Борис Акунин - Коронация, или Последний из романов
Трое дядьев его величества образовывали первый ряд великокняжеского кортежа. Я пробрался к рыжему текинцу Георгия Александровича, взял его под уздцы (так что теперь нас, подуздных, оказалось двое — я и шталмейстер граф Антон Аполлонович Опраксин) и молча сунул его высочеству письмо от Линда.
Увидев локон, Георгий Александрович переменился в лице. Быстро пробежал глазами строчки, тронул текинца шпорами в поджарые бока и стал медленно догонять одинокую фигуру государя. Граф в ужасе выпустил уздечку. Я тоже.
Можно было не сомневаться, что теперь в международной политике разразится настоящая буря. То-то нынче полетят шифрованные депеши иностранным дворам и правительствам: генерал-адмирал Георгий Александрович демонстрирует своё особенное положение при царе и, вероятно, отныне может считаться самой влиятельной персоной Российской империи. Пускай. Не до того.
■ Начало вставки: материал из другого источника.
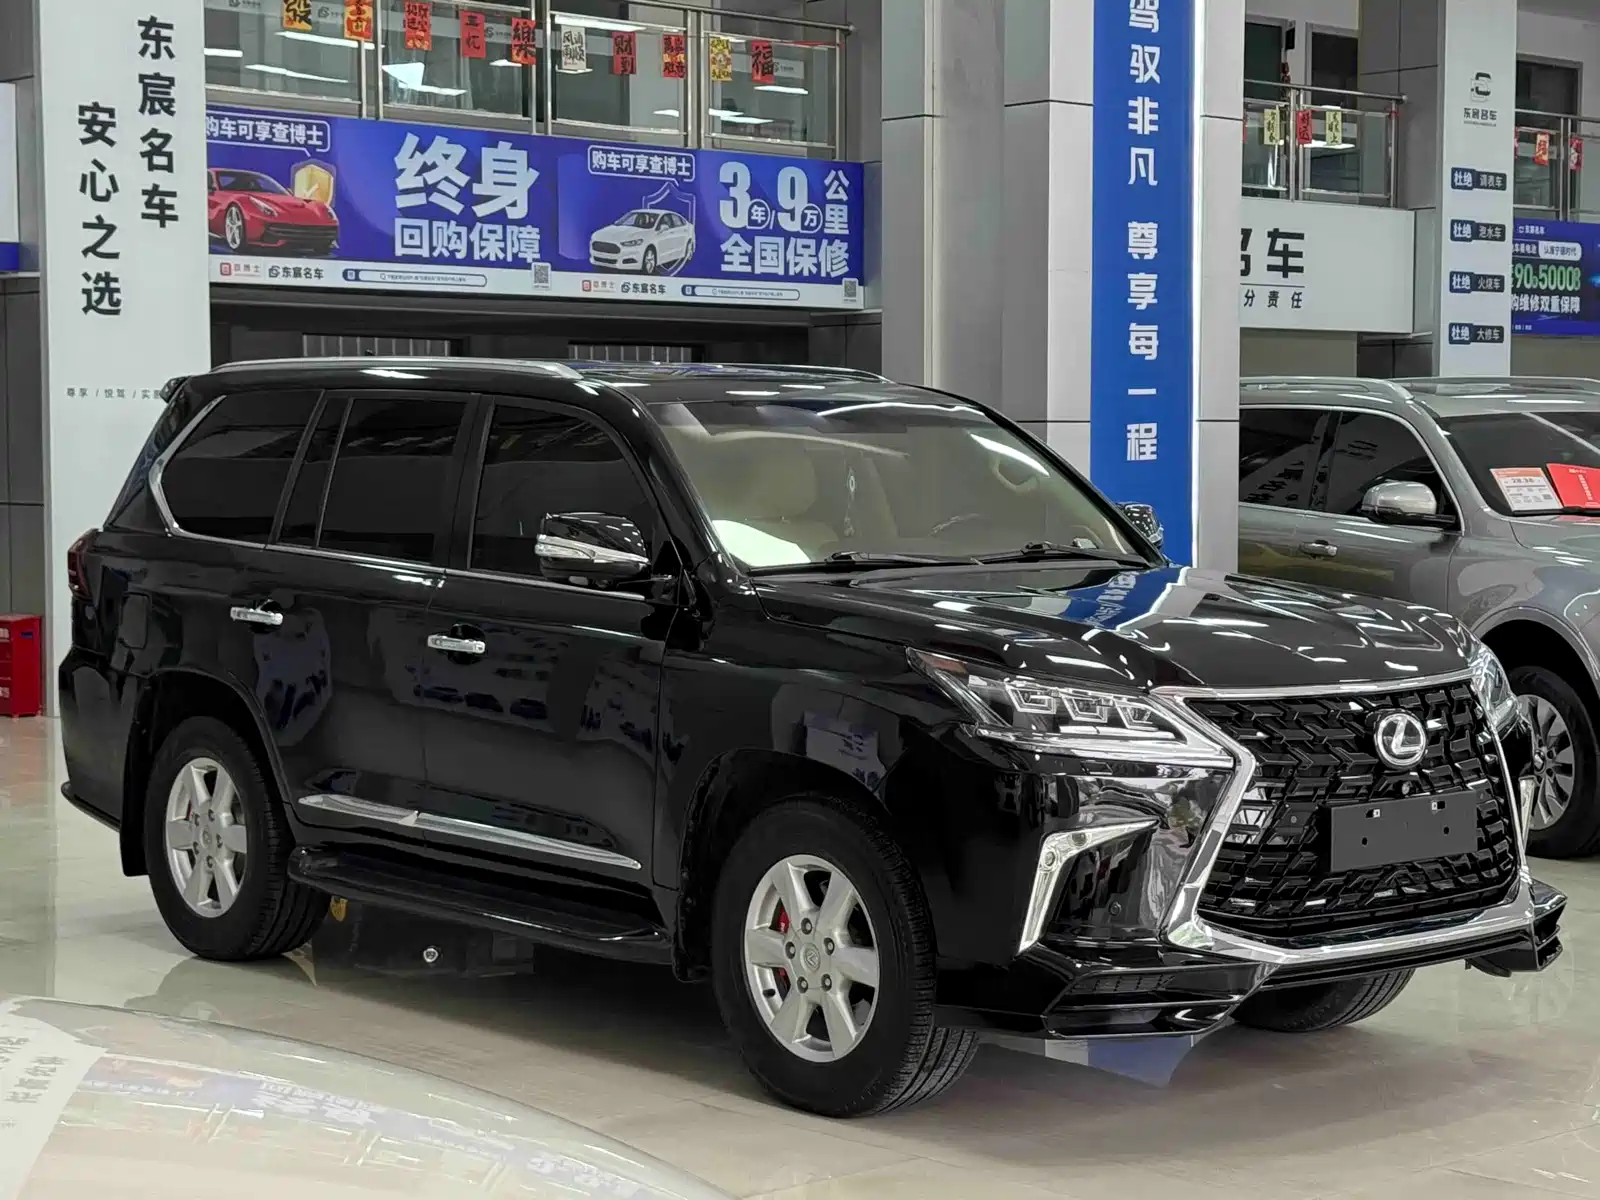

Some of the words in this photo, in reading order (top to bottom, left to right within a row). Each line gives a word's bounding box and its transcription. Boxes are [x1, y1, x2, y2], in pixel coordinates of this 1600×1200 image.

[751, 44, 773, 76] 福
[1128, 0, 1161, 186] 驾驭非凡
[137, 16, 179, 228] 东宸名车
[206, 116, 323, 145] 购车可享查博士
[394, 132, 540, 219] 终身
[592, 150, 691, 176] 购车可享查博士
[78, 101, 122, 316] 安心之选
[395, 218, 540, 263] 回购保障
[720, 233, 849, 277] 全国保修
[282, 266, 324, 279] 东宸名车
[1243, 289, 1303, 309] 分责任
[1126, 221, 1159, 462] 尊享每一程
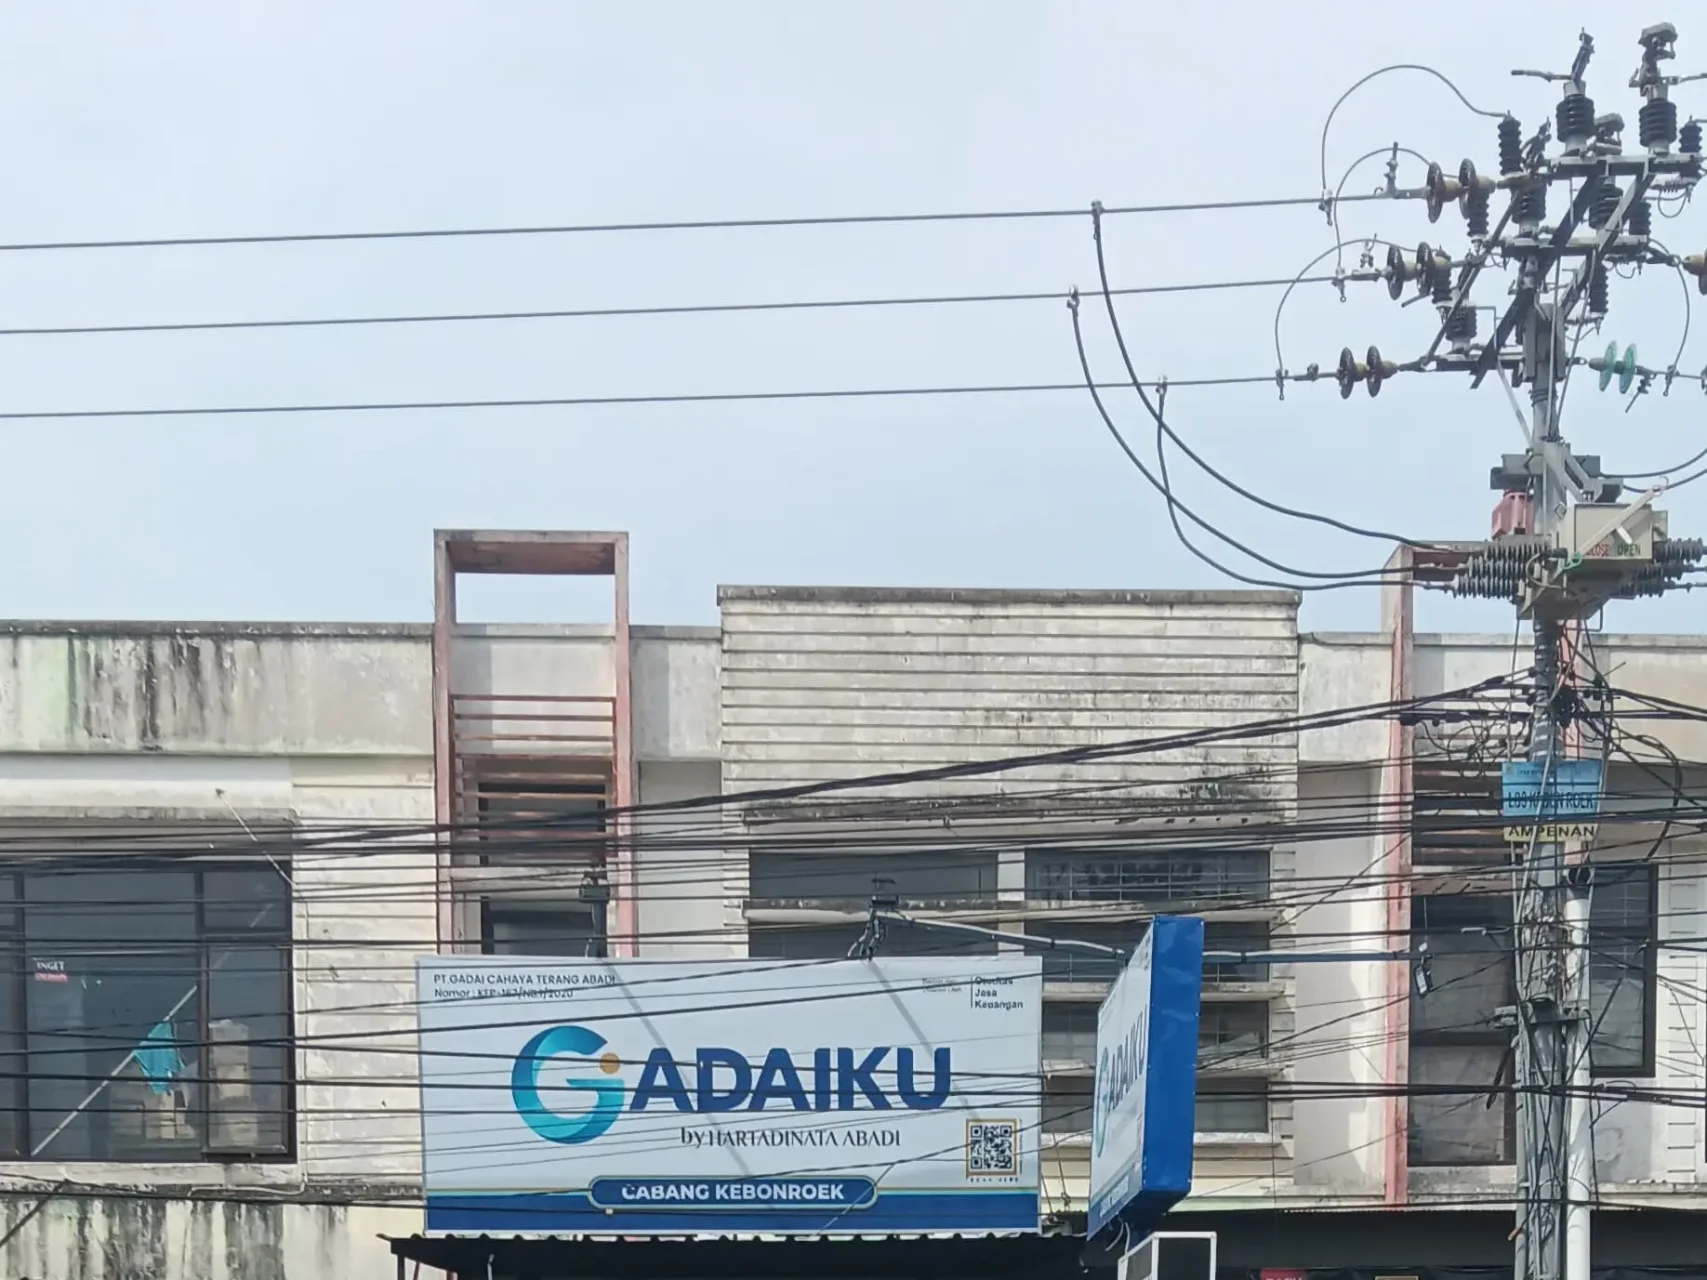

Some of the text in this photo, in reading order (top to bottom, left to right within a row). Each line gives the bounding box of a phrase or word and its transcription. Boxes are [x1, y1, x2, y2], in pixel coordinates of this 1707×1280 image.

Гордо подбоченясь, точь-в-точь как племянник, его высочество неспешно приблизился к государю и поехал рядом, всего на пол-корпуса сзади. Дородная фигура генерал-адмирала смотрелась куда величественней, чем узкий силуэт самодержца. По подрагиванию пышного уса его высочества я догадался, что Георгий Александрович, не поворачивая головы, докладывает императору о письме. Голова царя заметно дёрнулась в сторону. Потом точно так же зашевелился ус, менее пышный, чем у Георгия Александровича, и великий князь стал потихоньку отставать — пока не сравнялся с братьями.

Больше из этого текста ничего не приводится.